The sole producer of lifesaving EpiPen Mylan NV has been undertaking tremendous pressure for its approval of a special incentive plan that rewards executives if they hit aggressive profit target. The program started in early 2014 with the intent of doubling company’s earnings by the end of 2018. It isn’t uncommon for public-traded enterprises to link its executive’s compensation to stock-price goal in order to prompt growth. As for Mylan, this aroused industry watchers’ concerns if the incentive program is one of the catalysts that paved way for the Epipen’s prices hikes in recent years. More than 90% of Mylan’s revenues are derived from general drugs, a highly fragmented and saturated market. Meanwhile, revenues from the EpiPen boosted the specialty segment of the company by 17%, as reported in Mylan’s first quarter earnings report. As the product became the executive’s key mechanism in meeting the company’s aggressive targeted profit, patients have been paying more and more out of their pockets to stay alive.
EpiPen is an auto-injector consisting of epinephrine that is commonly used by households and school medical services to delay severe allergic reactions.
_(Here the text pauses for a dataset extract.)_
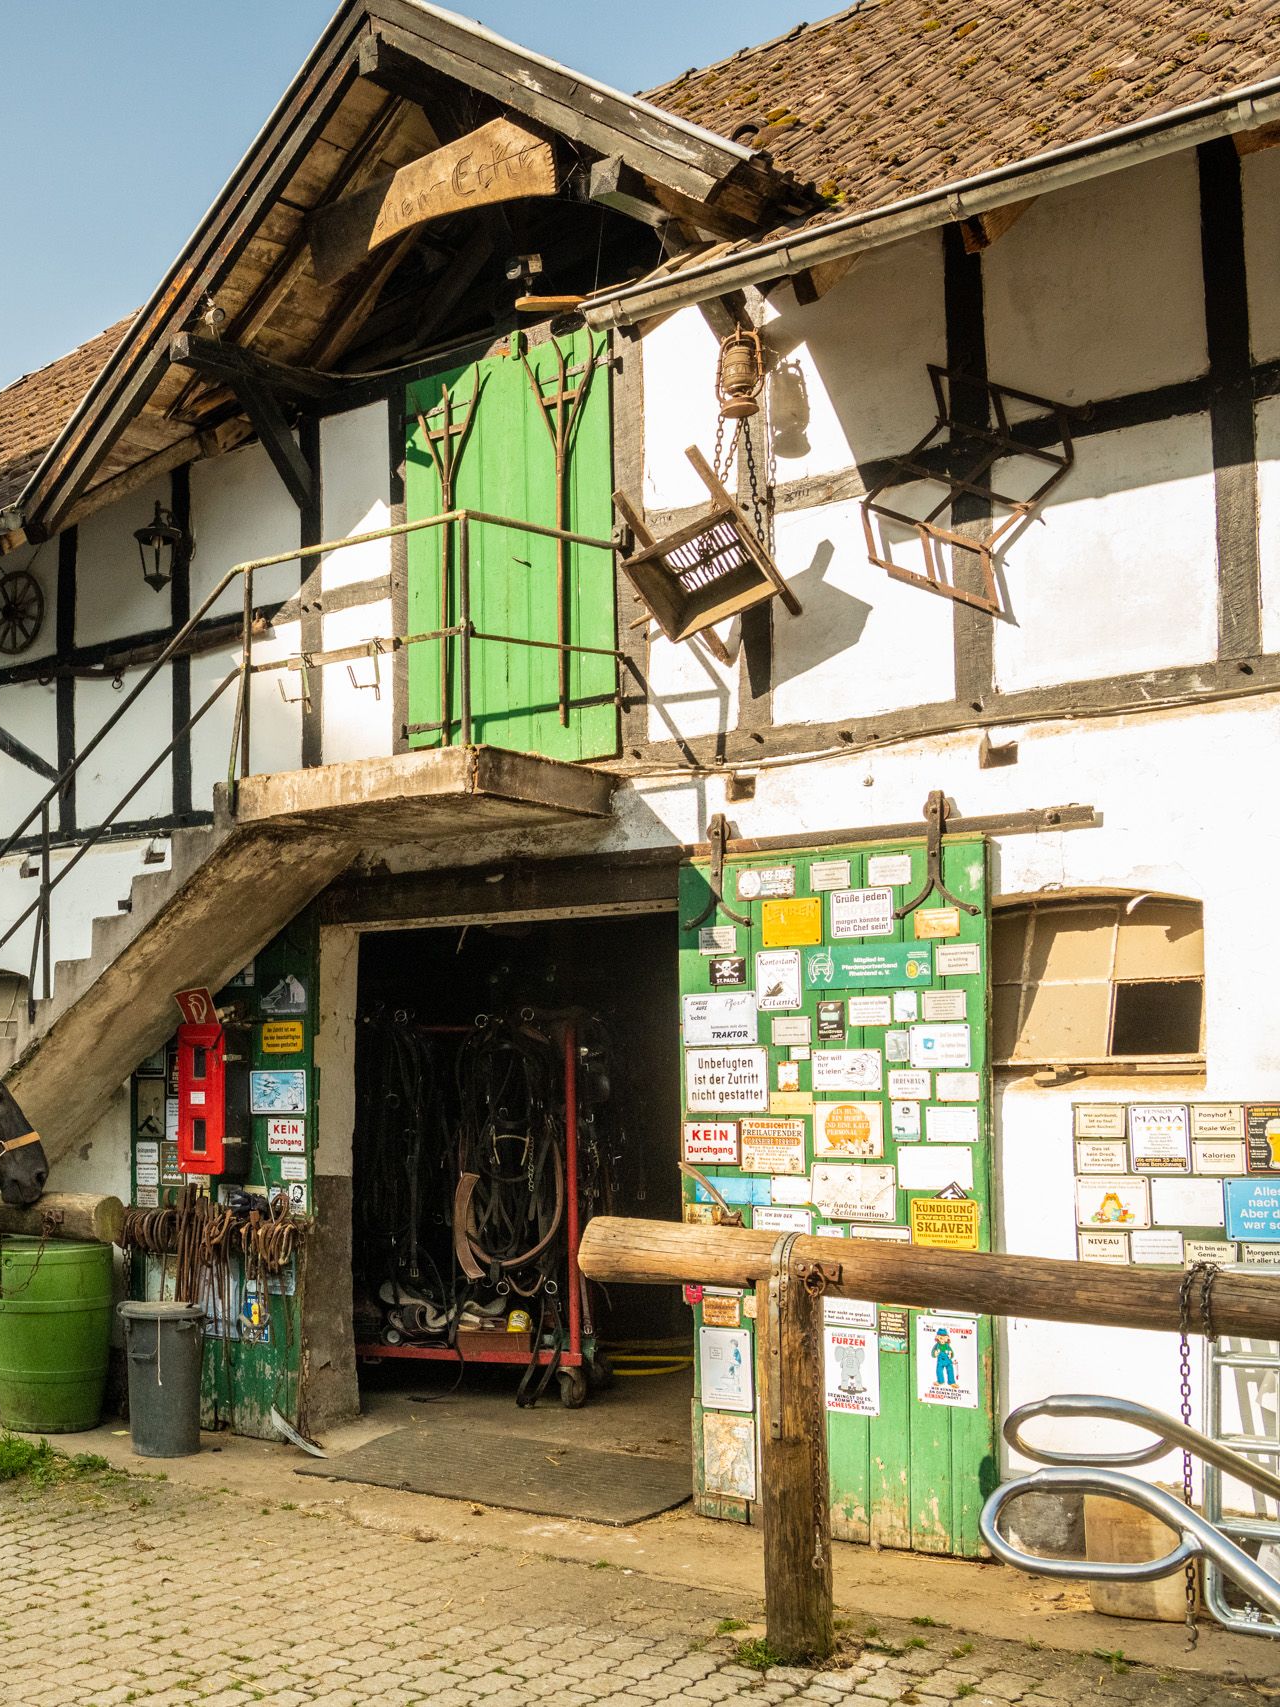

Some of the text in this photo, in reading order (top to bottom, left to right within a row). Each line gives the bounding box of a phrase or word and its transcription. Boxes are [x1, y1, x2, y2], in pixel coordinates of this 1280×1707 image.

Mylan acquired EpiPen in 2007, originally selling the product at $57 per injector. Since then the price has risen steadily, appreciating over 600%, to arrive at $300.
Besides the incentive program, EpiPen’s lack of competition may have also played a consequential role in this steep price increase. Sanofi, the manufacturer of rival device Auvi-Q, entered the market in 2013. However, the company struggled in 2014 to gain insurance coverage and was pulled off the market in late October 2015. Auvi-Q remains off the market today, thus reducing the competition even more. EpiPen’s prices continued to increase when Teva Pharmaceutical Industries, Mylan’s other competitor, saw delays in its FDA application for a generic version of EpiPen.